Dalam rapat sinkronisasi data bersama warga dan sejumlah instansi teknis, Satgas PKA berupaya mengurai persoalan dengan pendekatan berbasis data dan komunikasi terbuka.
“Langkah kami adalah menelusuri kembali dokumen lama, memadukan peta transmigrasi dengan data HGU dan hasil pemetaan spasial BPN. Dari situ terlihat adanya area yang perlu diklarifikasi lebih lanjut,” ujar salah satu anggota Satgas PKA Sulteng.
Temuan di Lapangan: Rumah Warga dan Fasilitas Umum Masuk Kawasan HGU
Di Desa Toviora, Satgas menemukan sejumlah titik lahan, rumah penduduk, hingga fasilitas umum yang teridentifikasi berada di dalam peta kawasan HGU PT LTT.
Salah satu warga, Atim (66), memperlihatkan sertifikat tanah miliknya yang diterbitkan sejak tahun 2000. Hasil pengecekan koordinat bersama tim teknis menunjukkan lahan tersebut memang tumpang tindih dengan wilayah HGU perusahaan
“Selama ini saya tidak tahu kalau tanah saya masuk kawasan HGU. Saya hanya ingin kepastian agar hak kami tetap terlindungi,” ungkap Atim dengan nada tenang.
Sementara itu, Sekretaris Desa Minti Makmur, Sutikno, mengungkapkan bahwa terdapat tujuh bidang tanah bersertifikat milik warga yang telah dikelola sejak tahun 1994 namun kini juga tercatat berada dalam wilayah HGU.
Menurutnya, warga mengalami kerugian karena tidak dapat memanfaatkan lahan tersebut selama puluhan tahun .
“Selama ini kami berusaha tetap tenang karena yakin pemerintah dan Satgas akan membantu mencari solusi terbaik,” ujarnya.

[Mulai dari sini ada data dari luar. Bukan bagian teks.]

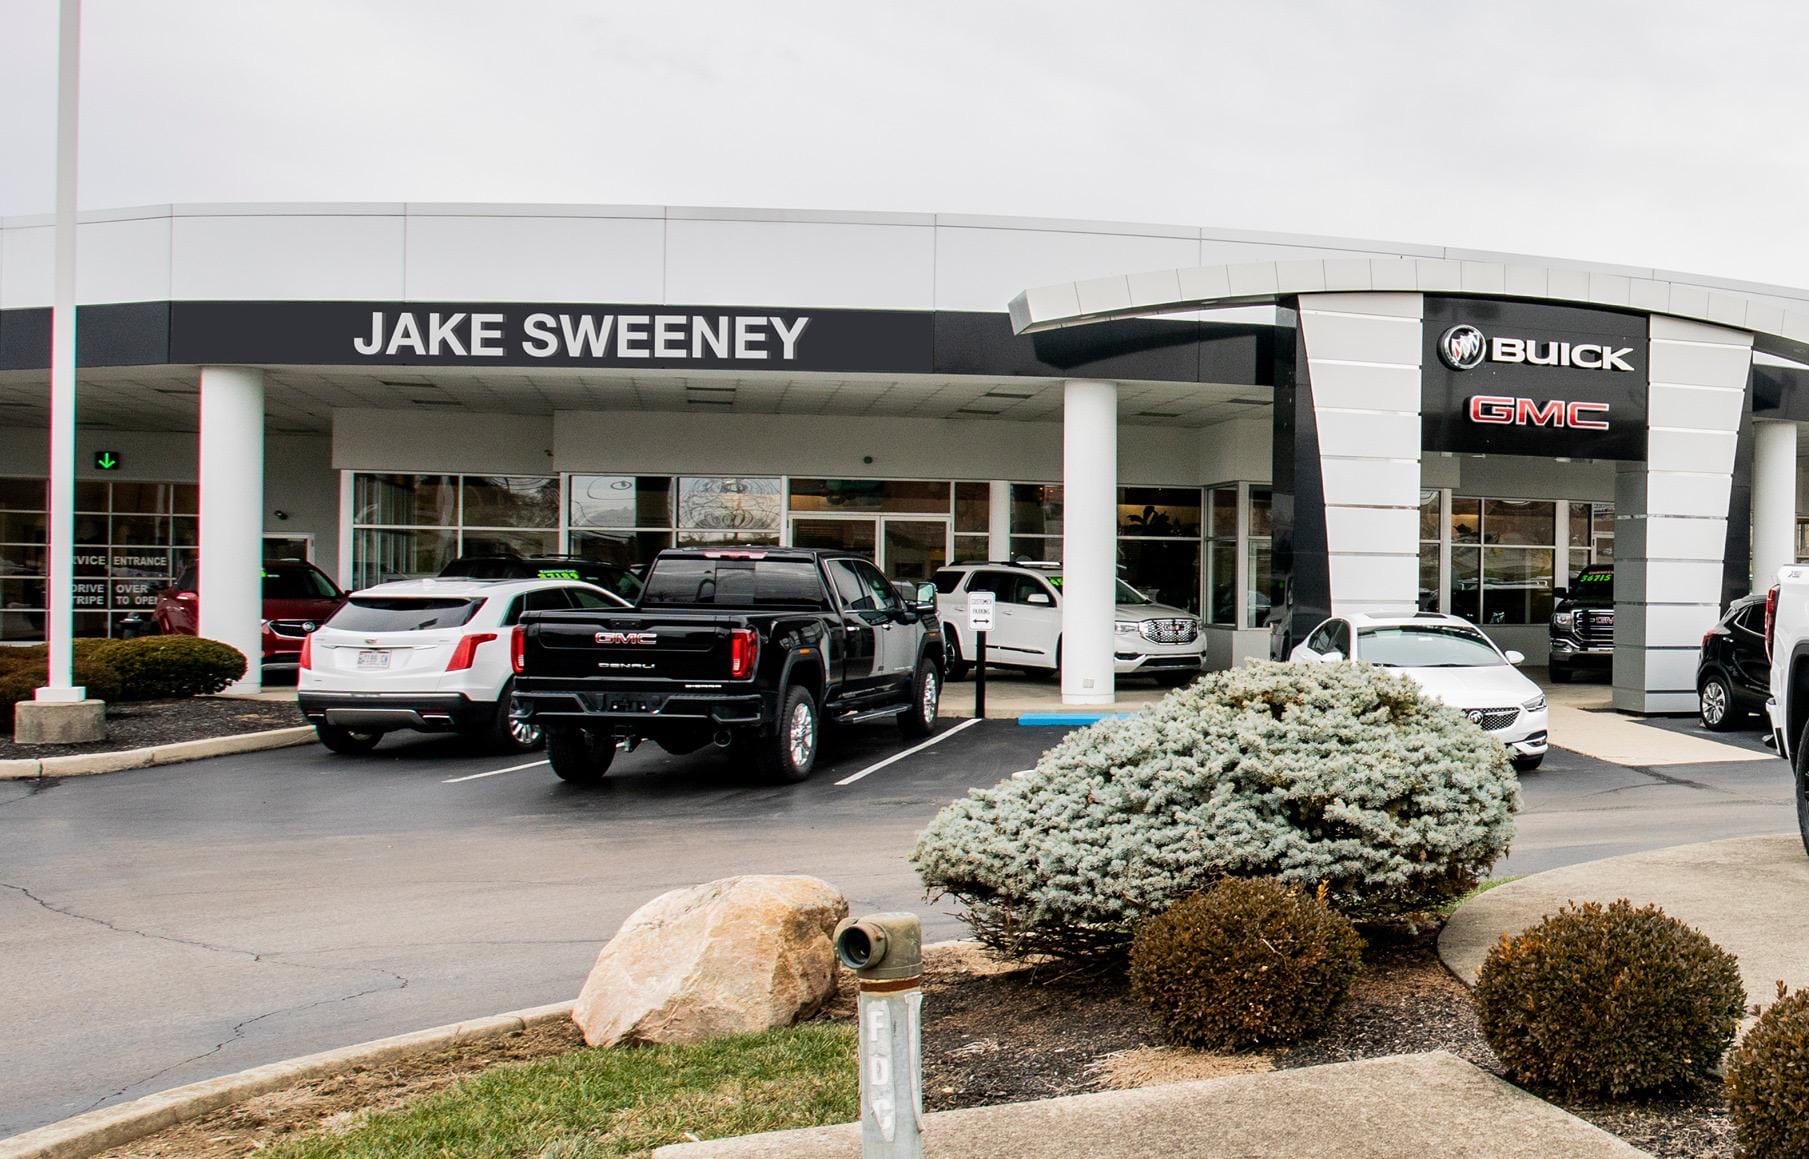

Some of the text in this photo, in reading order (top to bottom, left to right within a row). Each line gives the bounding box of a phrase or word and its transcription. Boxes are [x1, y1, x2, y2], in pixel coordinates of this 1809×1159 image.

Pendekatan Data dan Dialog Jadi Kunci PenyelesaianSatgas PKA Sulteng menegaskan, langkah yang ditempuh saat ini bukan untuk mencari pihak yang disalahkan, melainkan memastikan kejelasan hak dan batas kepemilikan tanah berdasarkan data resmi.“
Pendekatan kami adalah data dan dialog. Kttami ingin memastikan setiap pihak, baik masyarakat maupun perusahaan, memperoleh keadilan sesuai ketentuan hukum,” tegas perwakilan Satgas.
Ke depan, Satgas berencana menindaklanjuti hasil temuan ini bersama BPN, Pemerintah Kabupaten Donggala, dan pihak perusahaan, guna memastikan penyelesaian yang konstruktif dan berkeadilan bagi semua pihak.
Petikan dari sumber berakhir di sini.